Undaunted, McRae sent Wilson out for the ninth, 110 pitches and all.  The result was predictable.  Another double and a single and the lead becomes 2, dimming the hopes that the D-Rays can break the losing streak.  It was only after 14 pitches (and 4 batters) that McRae finally realized that Wilson was done.  But McRae himself wasn't done yet.

The bullpen for the D-Rays has been sort of a mess lately.  One of their worst relievers has been Jesus Colome, who has walked at least one batter in 8 of his 11 appearances.  It's not just walks, though.  He's given up 21 hits in just 13 innings.  If there was ever a young pitcher in desperate need of some more time at AAA to get his mechanics/focus right, it's Colome.  More importantly, Colome is the pitcher least likely to help the D-Rays get a win.  But McRae felt that this was the best moment to bring him in to get his exercise.  As you can probably guess, Colome comes in and allows an inherited baserunner to score and the game is essentially over, because Mariano Rivera will come in with a 3-run lead to face an offense that would rather bunt than hit away.

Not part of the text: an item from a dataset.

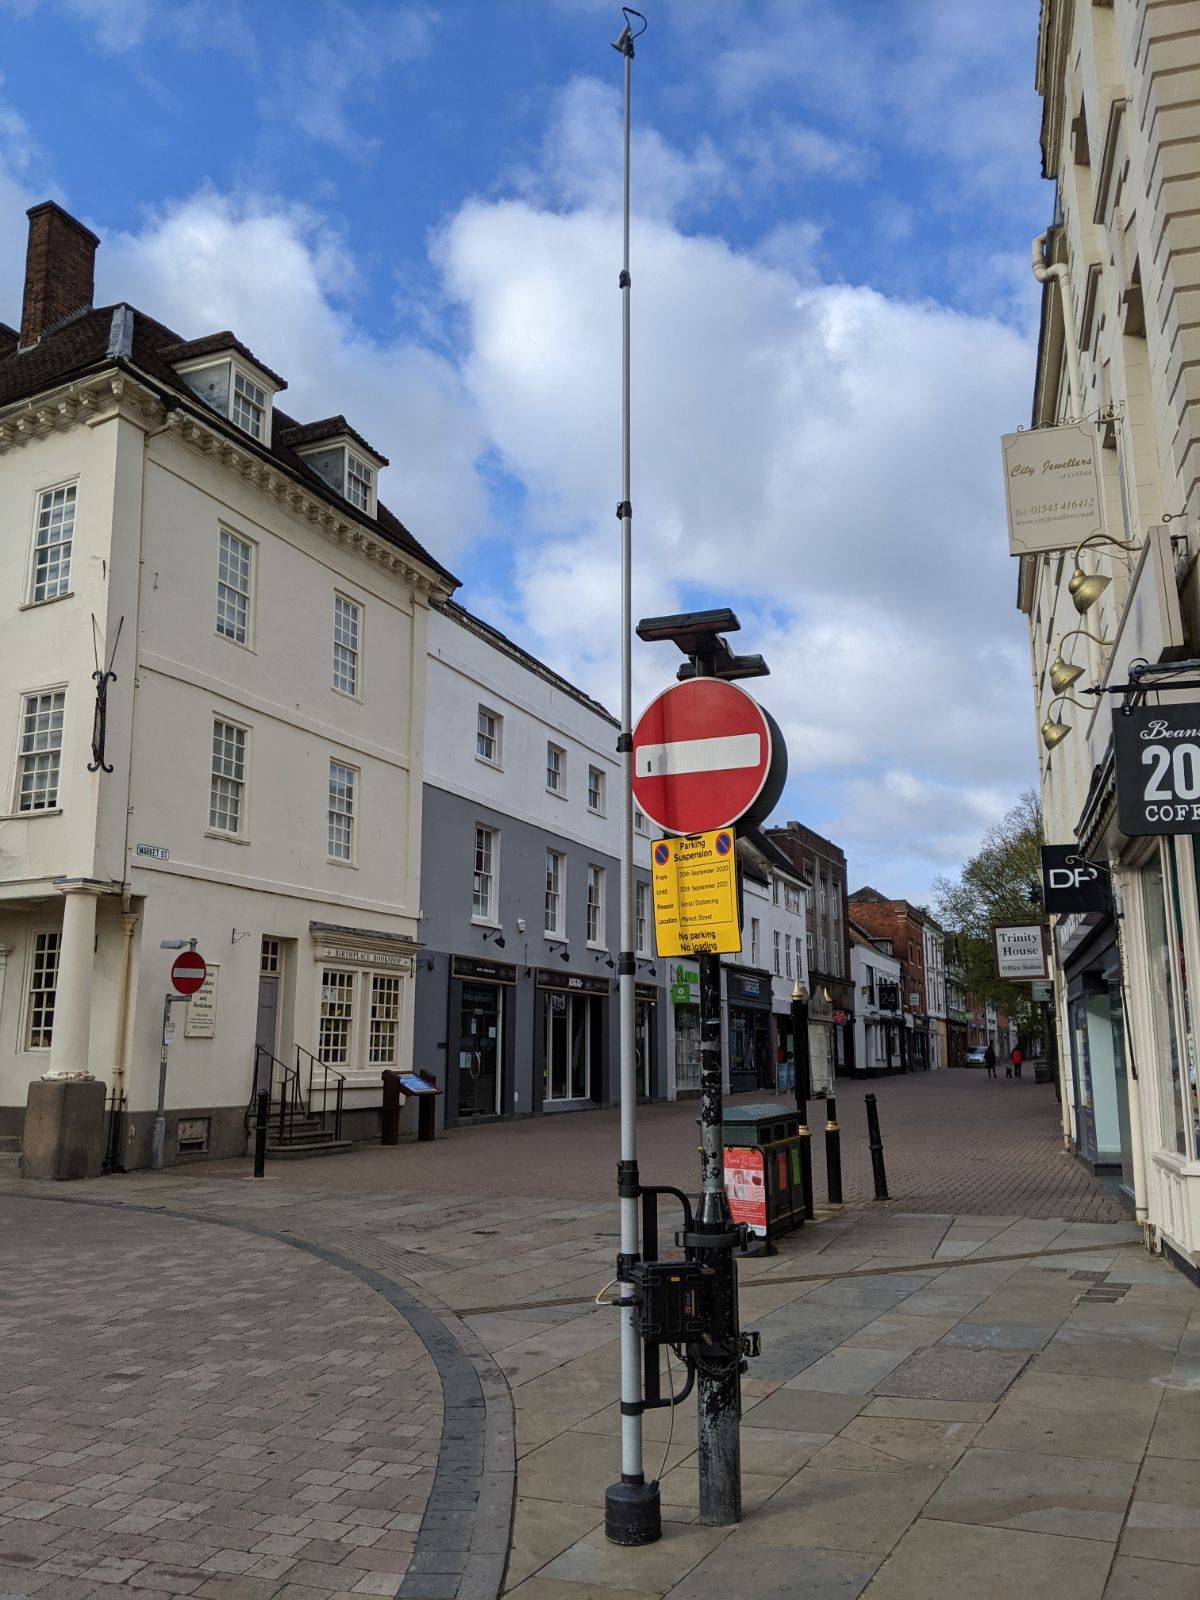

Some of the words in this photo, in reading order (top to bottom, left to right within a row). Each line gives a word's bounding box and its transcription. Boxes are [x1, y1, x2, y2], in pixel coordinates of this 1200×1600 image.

Speaking of which, the reason Wilson was down by one going into the ninth inning was because in the 8th when the D-Ray lead-off man got on base, McRae wasted an out bunting him to second with 2 speedy singles hitters due up next.  If there's any team that can absolutely not afford to waste outs on sacrifice bunts, it's the Devil Rays.  Hit and run, steal, whatever, but don't waste outs, especially when you're lead-off hitter gets on via the walk.  Making matter worse, presumably, McRae bunted because he wanted to stay out of the double play.  But the next two batters, Abernathy and Tyner, had grounded into zero double plays this year and a combined total of 9 double plays last year.  They had nearly the same chance of hitting a triple as they did of hitting into a double play.  Bunting did get the runner in scoring position, but it wasted the talent - making contact and running fast - of one of his hitters by giving the other team an easy out.

McRae is pretty clearly a manager who is not only doesn't understand modern day offense, but has a great deal of difficulty understanding how to manage a pitching staff.  But the cardinal sin he's guilty of is not knowing what his players can do.  It's as if he's not really watching the game.  Unless he's a heck of a defensive coach, there're not many positives here.  So the sooner that Alvarez and Wilson get traded, the better.

Bring out your dead

Speaking of which, there are a couple of teams that would make fine trading partners with the D-Rays.  The White Sox could use some quality starting pitching and the D-Rays could use some quality young positional players like Joe Crede, Tim Hummell, Joe Borchard or even Carlos Lee.  The Blue Jays could also use some starting depth and could trade either Orlando Hudson or Jayson Werth, neither of whom have a clear position with the Jays.  Cleveland is another nice match as they need some starting depth and could offer Earl Snyder.

In the NL, the D-backs could use another quality starter, as could the Giants, but neither has much to offer from the farm.  The Expos have been wheeling and dealing this year, so maybe they'd be willing to part with Peter Bergeron or Matt Cepicky or Ron Callaway.  Philadelphia could use another starter and have Jason Michaels, who probably doesn't figure in their long term plans.  If the Phills have decided that this year is lost, they could deal Rolen for Wilson, pare payroll, and make room for Travis Chapman, who is currently demolishing AA pitching.

And then there are the long shots who may take a flyer on a good pitcher making a little more than a million a year (Wilson).  Seattle, St. Louis, Milwaukee, Colorado (for Jack Cust?) and Houston could all benefit from a deal with Tampa Bay.  But before the D-Rays start stockpiling talent, they first need to decide that they want a manager who understands the talent he's working with.  Buck Showalter, who rebuilt the Yanks and built the D-backs, sure looks like a good fit in Tampa now.